■ REQUIRED ACTION ■
Could you return all of the records exactly, minus their images?
*** Opening of SUPPLIED RECORDS ***
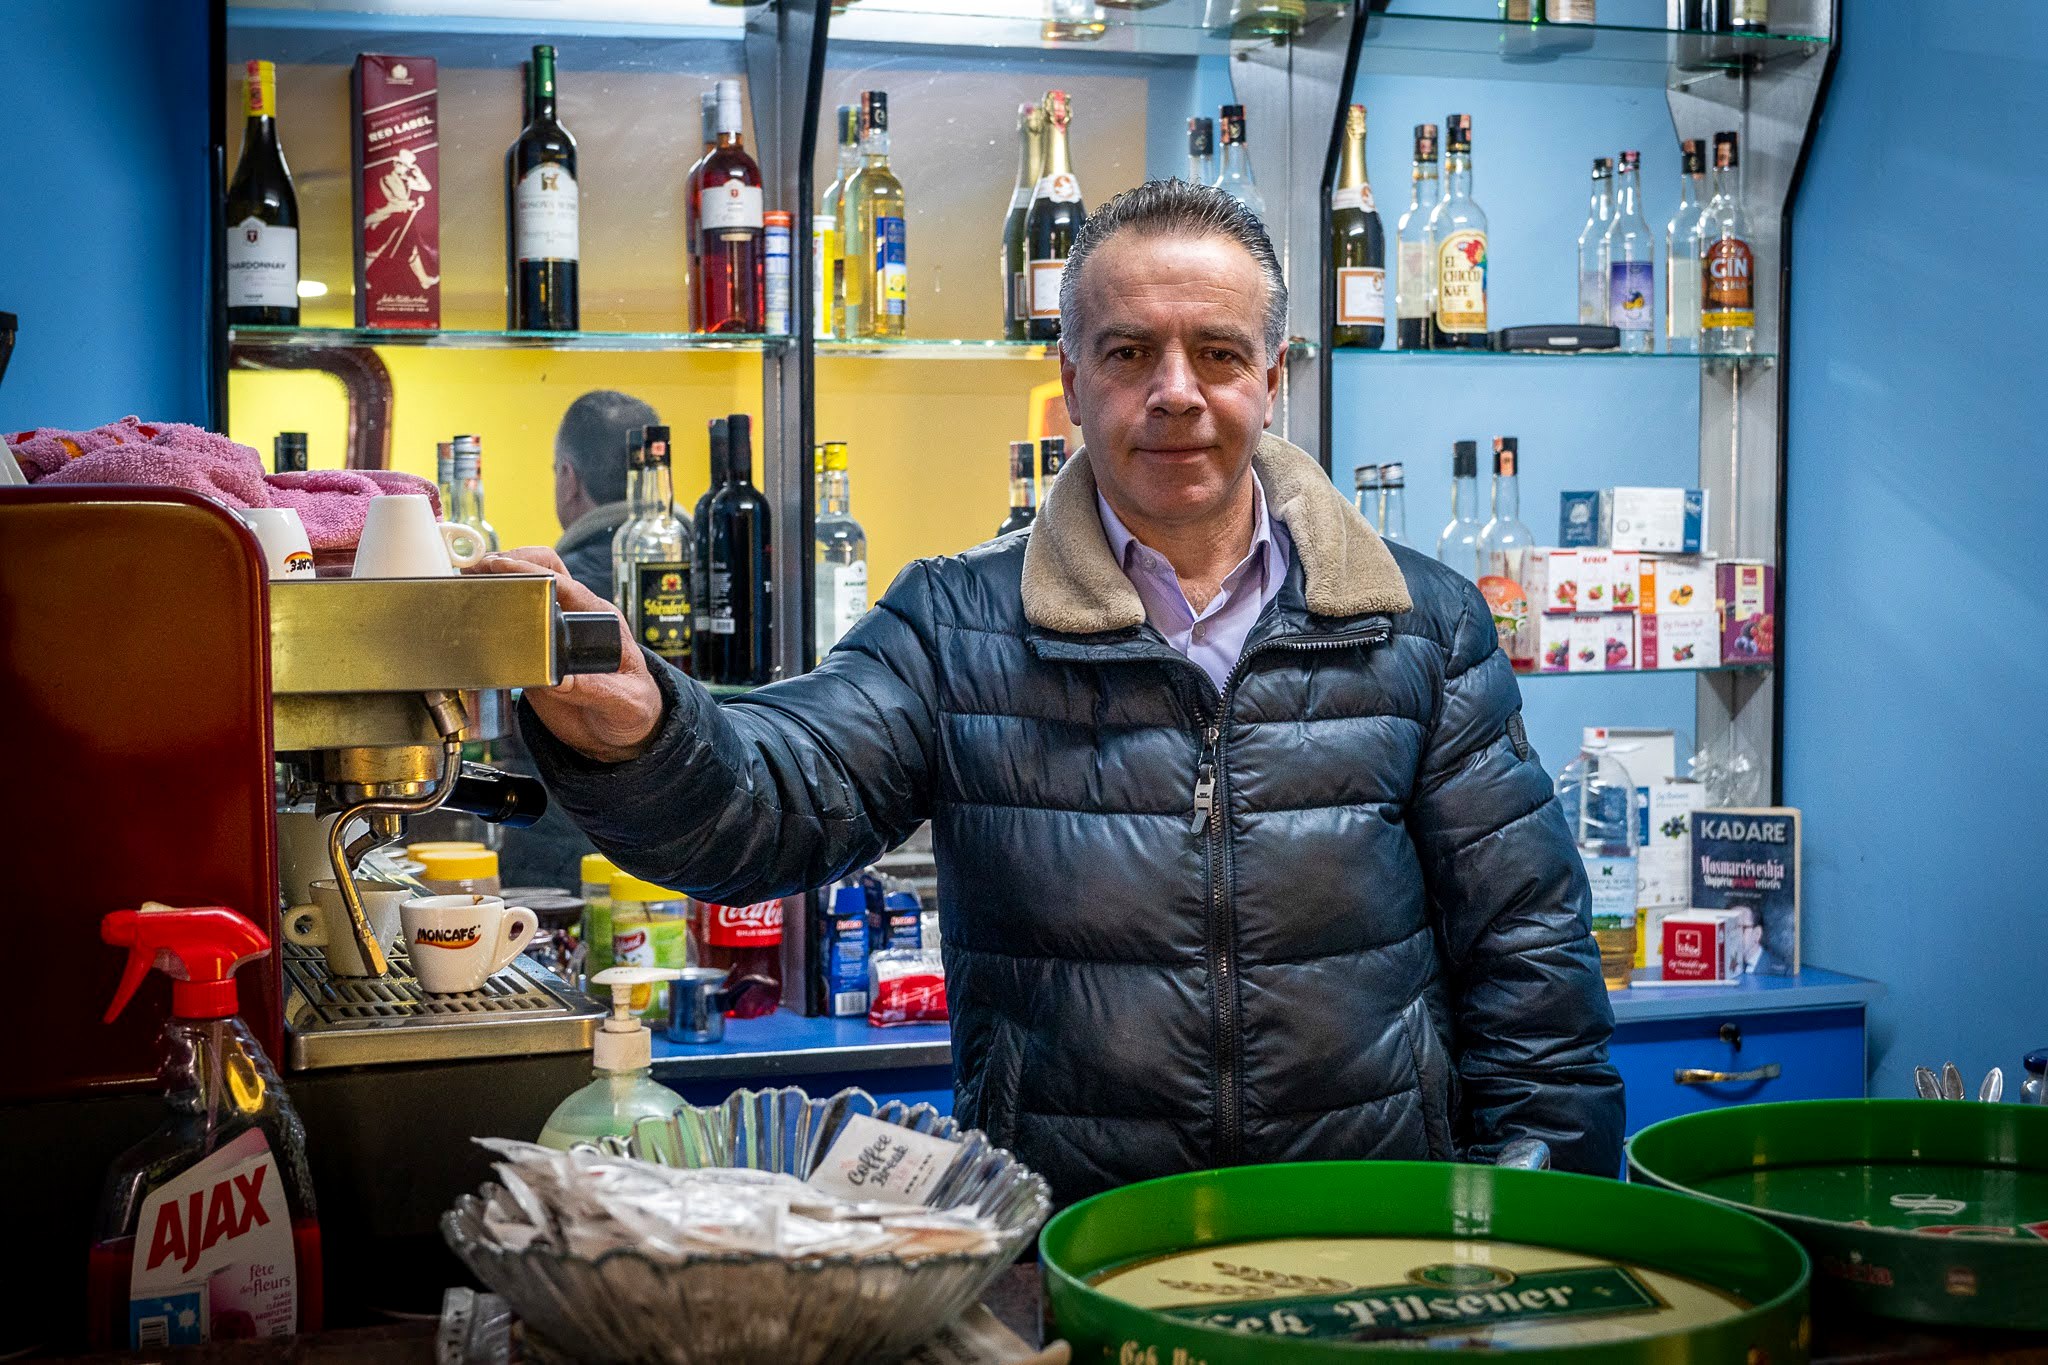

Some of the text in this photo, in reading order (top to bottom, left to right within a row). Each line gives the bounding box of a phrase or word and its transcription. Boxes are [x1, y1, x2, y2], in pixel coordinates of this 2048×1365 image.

[368, 115, 436, 143] RED LABEL
[1710, 257, 1748, 278] GIN
[1700, 819, 1787, 844] KADARE
[145, 1163, 271, 1274] AJAX
[249, 1264, 275, 1282] fête
[253, 1275, 292, 1297] fleurs
[1333, 1285, 1574, 1328] Pilsener
*** Close of SUPPLIED RECORDS ***
■ REPLY ■
Some of the text in this photo, in reading order (top to bottom, left to right within a row). Each line gives the bounding box of a phrase or word and its transcription. Boxes are [x1, y1, x2, y2], in pixel coordinates of this 2048×1365 image.

[368, 115, 436, 143] RED LABEL
[1710, 257, 1748, 278] GIN
[1700, 819, 1787, 844] KADARE
[145, 1163, 271, 1274] AJAX
[249, 1264, 275, 1282] fête
[253, 1275, 292, 1297] fleurs
[1333, 1285, 1574, 1328] Pilsener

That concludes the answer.